WASHINGTON - After at first covertly sending thousands of undocumented Afghans to fight on the Syrian front, Iran is trumpeting their sacrifice with increasingly public funerals for the fallen and a giant rally planned for Friday in a Tehran square.
Authorities in Kabul and human rights groups have roundly criticized the Iranian government for sending Afghans living in Iran to Syria to fight alongside forces of the Lebanese militant group Hezbollah and Iran's Revolutionary Guard Corps (IRGC) in support of the government of Syrian President Bashar al-Assad.
Thousands of Afghans from Iran are in the “Fatemiyon Brigade,” the second-largest group of foreigners fighting for Assad in Syria.
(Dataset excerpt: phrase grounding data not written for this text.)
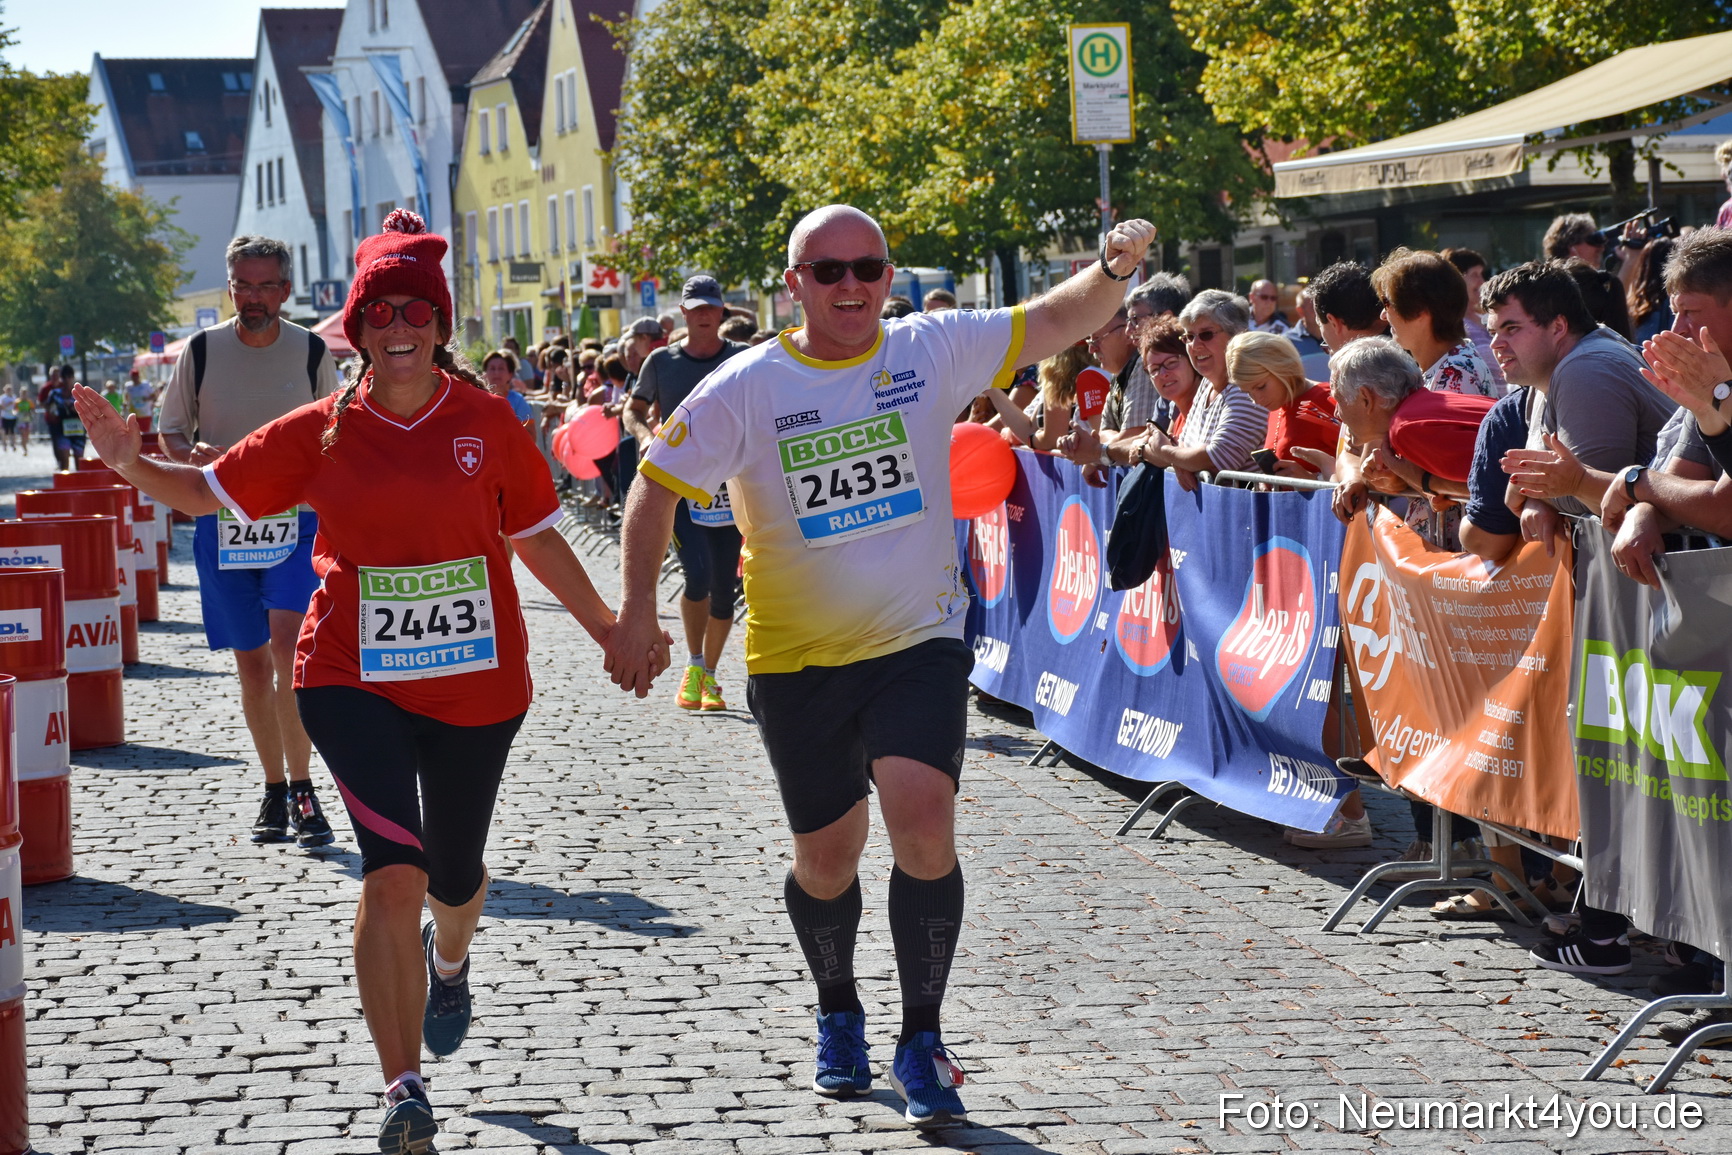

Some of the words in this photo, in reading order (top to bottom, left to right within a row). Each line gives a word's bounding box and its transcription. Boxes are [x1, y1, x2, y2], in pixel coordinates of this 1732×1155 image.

[1083, 82, 1120, 90] Marktplatz
[894, 371, 915, 383] JAHRE
[874, 379, 926, 400] Neumarkter
[876, 392, 919, 411] Stadtlauf
[775, 410, 820, 428] BOCK
[788, 418, 897, 467] BOCK
[800, 454, 902, 510] 2433
[828, 501, 893, 531] RALPH
[228, 522, 290, 545] 2447
[228, 548, 289, 562] REINHARD
[369, 563, 476, 597] BOCK
[1055, 528, 1097, 612] Hervis
[1432, 571, 1470, 593] Neumarkts
[1511, 573, 1553, 591] Partner
[479, 599, 486, 607] D
[1499, 599, 1521, 617] und
[374, 599, 477, 642] 2443
[1225, 582, 1311, 680] Hervis
[1467, 625, 1508, 647] Projekte
[1508, 627, 1527, 641] was
[380, 644, 476, 668] BRIGITTE
[1227, 662, 1258, 687] SPORTS
[1382, 714, 1452, 764] Agentur
[1502, 758, 1524, 779] 897
[919, 917, 955, 996] kalenji
Western media estimate their numbers at between 10,000 and 12,000. Many of the Afghans were reportedly sent against their will, Human Rights Watch reported, or agreed to fight because of economic remuneration to their families.
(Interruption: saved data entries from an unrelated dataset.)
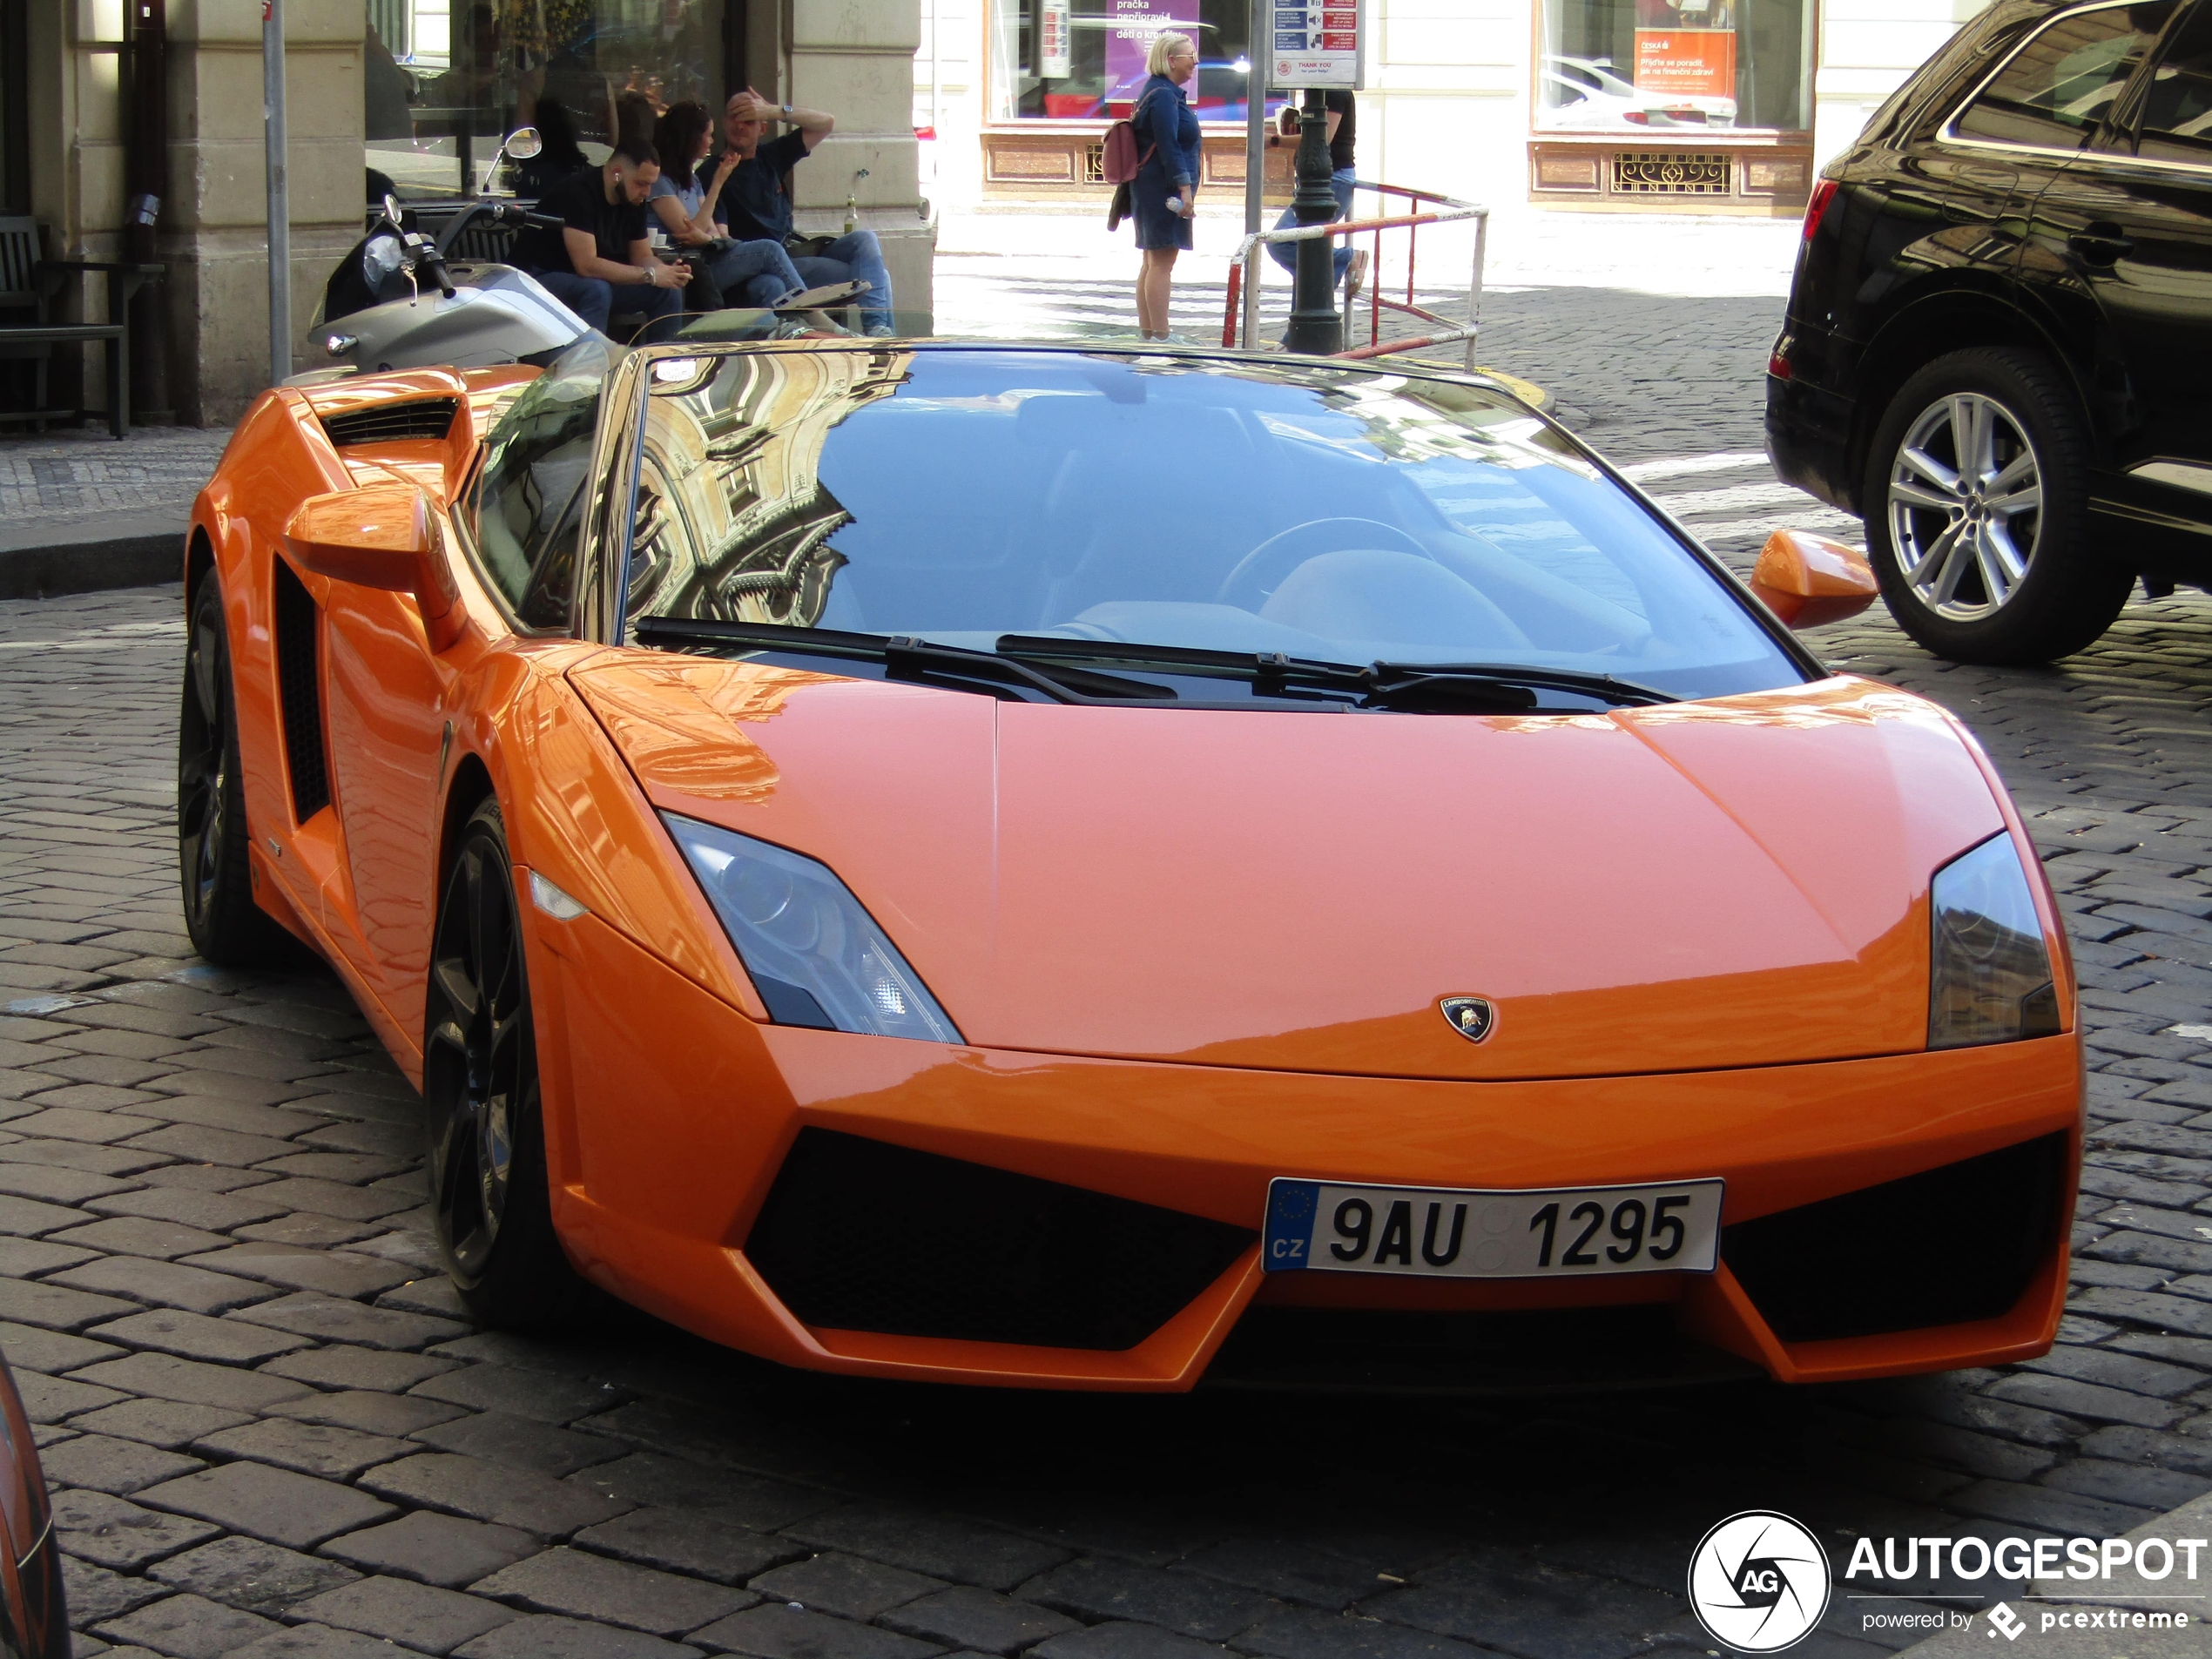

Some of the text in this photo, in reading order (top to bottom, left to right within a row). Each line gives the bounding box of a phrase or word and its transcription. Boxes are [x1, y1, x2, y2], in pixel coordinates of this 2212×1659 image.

[1116, 0, 1150, 10] pračka
[1116, 30, 1135, 39] děti
[1640, 58, 1664, 67] Přijďte
[1329, 1195, 1690, 1268] 9AU 1295
[1272, 1238, 1303, 1259] CZ
Roughly 3 million Afghans live in Iran. Most settled there after fleeing war and conflict in their homeland. Many Afghans in Iran lack basic rights and live without a formal status. About 950,000 are classified as refugees.
According to Iranian pro-state Mashregh News, the Tehran municipality will hold a ceremony on Friday to honor at least four members of the Afghan militia killed in Syria.
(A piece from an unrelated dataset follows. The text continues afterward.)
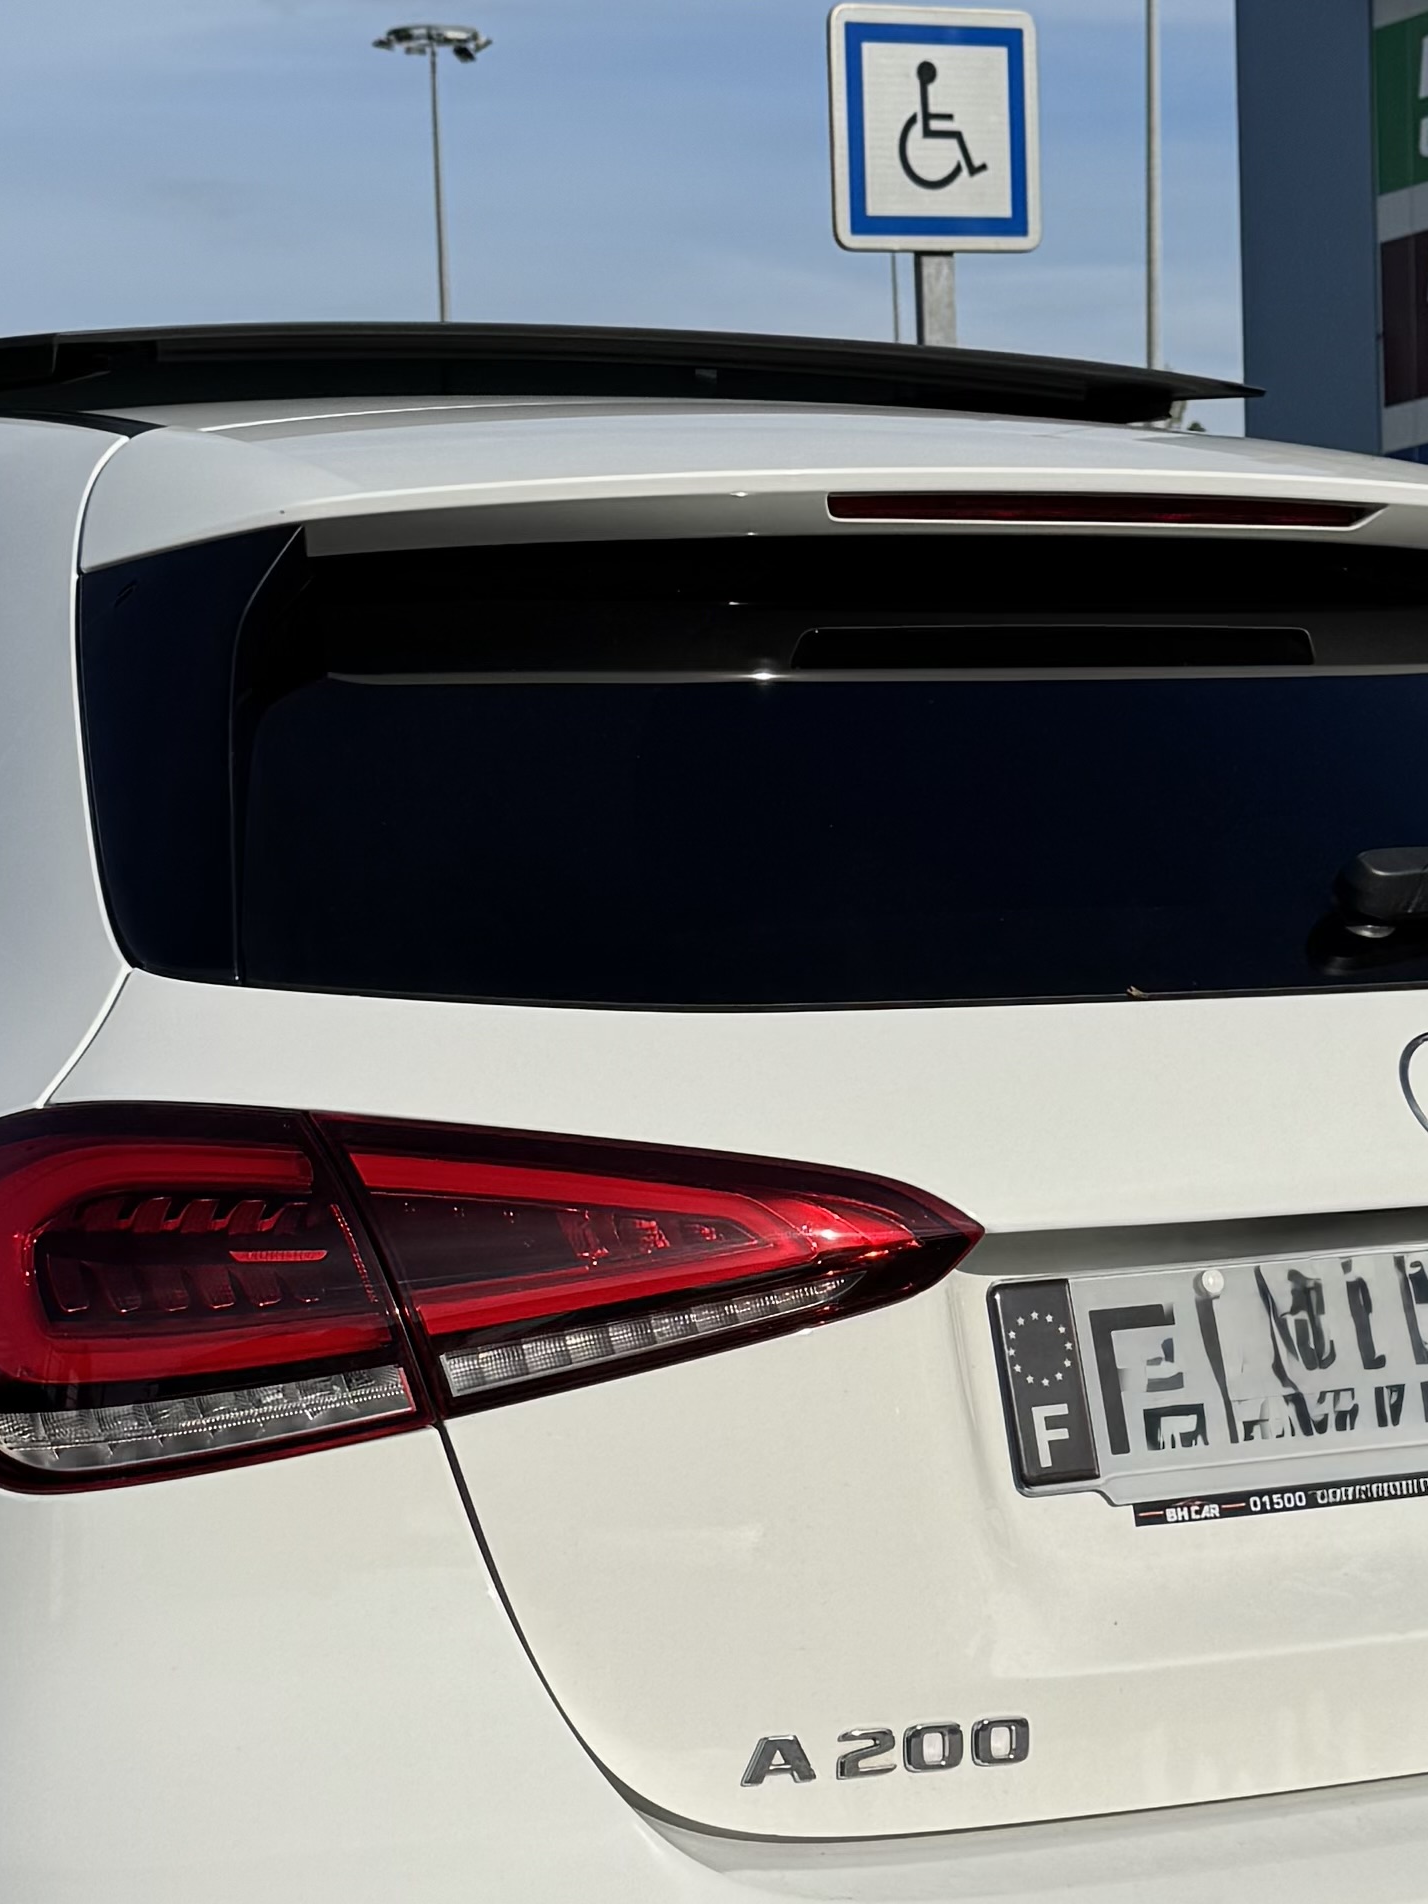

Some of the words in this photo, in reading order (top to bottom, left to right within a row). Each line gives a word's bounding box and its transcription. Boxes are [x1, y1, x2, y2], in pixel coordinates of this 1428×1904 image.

[1031, 1403, 1070, 1467] F
[1249, 1491, 1307, 1512] 01500
[740, 1734, 817, 1787] A
[836, 1716, 1030, 1780] 200
"A commemoration ceremony for the Fatemiyon Brigade martyrs will be held on Friday in Tehran," the pro-IRGC news portal said.
Sayed Hassan Sajjadi, a high-ranking conservative cleric with links to the IRGC, has been reportedly invited as a keynote speaker to the event.
There are no official figures as to how many Afghans from Iran have been killed in Syria. But one civil rights activist in Kabul who advocates for Afghans in Iran told VOA that their casualty numbers are more than 1,000.
Afghan lawmakers last year strongly condemned Tehran for sending refugees to Syria. They also criticized the Afghan government for keeping silent and demanded that the issue be thoroughly investigated. The Afghan foreign ministry said investigations have been launched.
For years since Iran's military involvement in Syria began in 2012, funerals of the fallen Afghans were kept from public view.
Increased military involvement
But increasingly, as Tehran has trumpeted its military involvement in Syria, high-ranking Iranian commanders and officials have been present at the funerals. The ceremonies are often packed with civil servants, university students and faculty.
One Afghan civil activist who attended a rally for Afghan fighters in the holy city of Qum last year said Ali Larijani, the speaker of the Iranian parliament, was among the attendees.
Families of fallen fighters are often invited to funerals and rallies and their travel expenses are paid for by the government-funded martyr's organization.
Fatemeh Zia — a relative of fallen Afghan fighter Mehdi Ahmadi, who will be honored in Tehran Friday — said she was invited by the government to attend the commemoration ceremony.
“We received a phone call from the Fatemiyon brigade and they informed us of his death,” Zia said.
The ceremonies for fallen Afghans are religiously based honoring the fighters as Shi'ites the Muslim majority in Iran.
Tehran said its forces are in Syria to protect the Zeinab Shrine in Damascus, a Shi'ite holy site. Iranian-backed forces have been a major backer of the regime of Syrian President Bashar al-Assad in its war with rebel groups across the country.
Analysts say Iran is holding rallies for fallen Afghans to rally domestic support for its involvement in Syria on religious grounds.
“Iran is trying to divert the attention from Tehran's support for Assad and turn it into something bigger and sacred by glorifying Afghans and Pakistanis killed in Syria,” Rasool Nafisi, a Washington-based Middle East researcher, told VOA. “These casualties help turn domestic attention in Iran into a Shia and religious subject.”